Celebrating World Ocean Day 2022

Photo: K. Troim/Unsplash

On June 8 we celebrate World Ocean Day by highlighting our research and policy work on marine issues

Story highlights

• World Ocean Day 2022 is celebrated under the slogan: “Revitalization, Collective Action for the Ocean”

• The centre’s marine research and policy work has always been relevant and recently it has become an even more important topic area

• 2022 is critical for the ocean, with the UN Ocean Conference happening in late June and several other key intergovernmental processes unfolding

To create a healthy and resilient ocean with abundant wildlife and to stabilize the climate, it’s critical that 30% of our planet’s lands, waters, and ocean are protected by 2030. This is the "30:30 goal" which is part of the main message of the 2022 World Ocean Day, and celebrated under the theme “Revitalization, Collective Action for the Ocean”.

The World Ocean Day was launched in 1992 at the Earth Summit in Rio de Janeiro, Brazil. Today, thirty years later it emphasizes that a healthy ocean is critical for the solution to both the climate and biodiversity crises.

Marine research is therefore more topical than ever. We are in the beginning of the UN Ocean Decade of Ocean Science for Sustainable Development (2021-2030) and later this summer (27 June – 1 July), the second UN Ocean Conference will finally take place after being postponed due to the COVID-19 pandemic.

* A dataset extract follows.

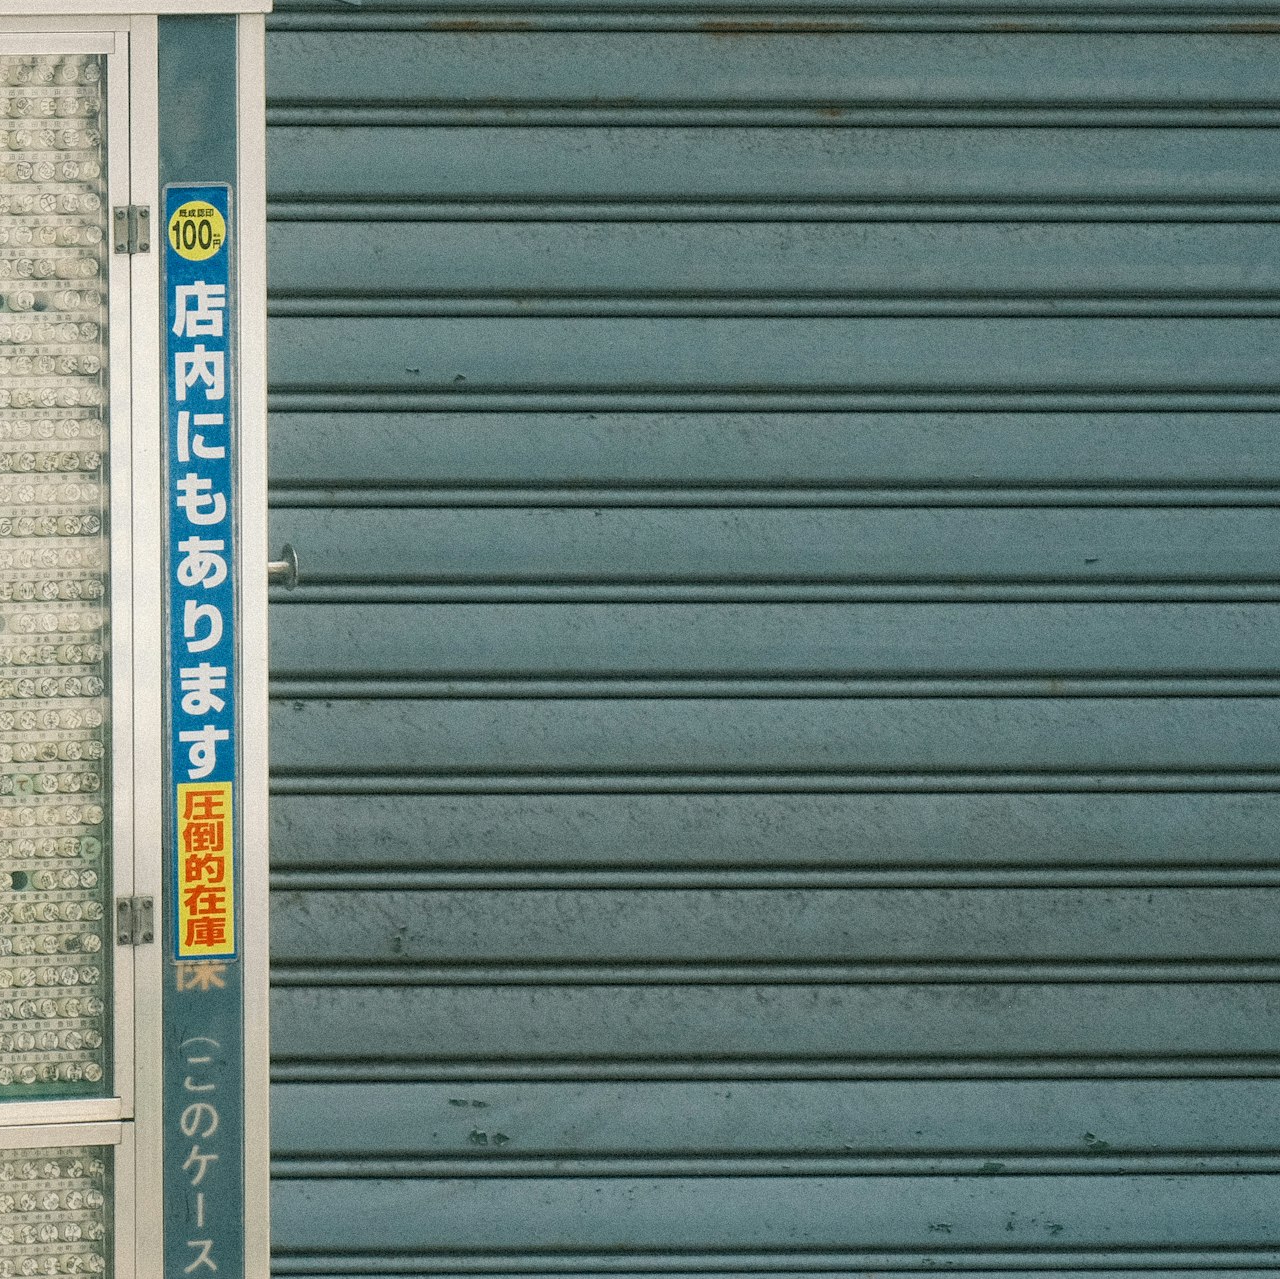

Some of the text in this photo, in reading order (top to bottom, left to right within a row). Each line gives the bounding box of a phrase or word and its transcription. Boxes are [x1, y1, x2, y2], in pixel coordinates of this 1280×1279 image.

[172, 219, 212, 250] 100
[171, 282, 230, 780] 店内にもあります
[182, 790, 226, 947] 圧倒的在庫

We find ourselves in a new phase in humanity’s use of the ocean, dubbed the ‘Blue Acceleration,’ that is rapidly transforming the ocean and having major economic, social and ecological consequences.

Albert Norström, centre researcher

Research areas covered

Centre researchers have studied this acceleration of human pressure on the world’s ocean and concluded that it started to accelerate sharply at the start of the 21st century and shows no sign of slowing. Without a change of course, there is a clear danger of accelerating harm to the ocean and increasing levels of inequality in the communities that depend on it.

One innovative way of contributing to the solution to this is the centre’s work with the SeaBOS initiative, which brings the biggest companies within wild fisheries and aquaculture together with scientific expertise.

The ocean has always played a key role in the centre’s research: from studies in the tropics on the future for coral reefs all the way to several ongoing projects in the Arctic Ocean, and covering topics from ocean equity and ocean risks to ocean futures.

We have so many excellent people working on both the theoretical and practical development of our research. This helps us push the marine science forward to new levels.

Centre ocean theme leader Susa Niiranen


Some recent highlights from the ocean theme, and other centre related work on marine issues, include:

• We recently hosted a half-day seminar on ocean sustainability in the presence of representatives from the royal families from Sweden and Norway.

• A new study investigating the barriers and bridges to sustainability certifications on the Japanese seafood market.

• Research highlighting that seaweed farming can replace food with large carbon footprints, but has limited potential to sequester carbon dioxide on a large scale.

• More efficient seafood supply chains can boost access to, and human consumption of, omega-3 with as much as 50%.

• A recent update of the planetary boundary for novel entities, and in particular marine plastic pollution, showing that it has now been exceeded.

• We contributed to the Blue Food Assessment, an international joint initiative bringing together over 100 scientists from more than 25 institutions.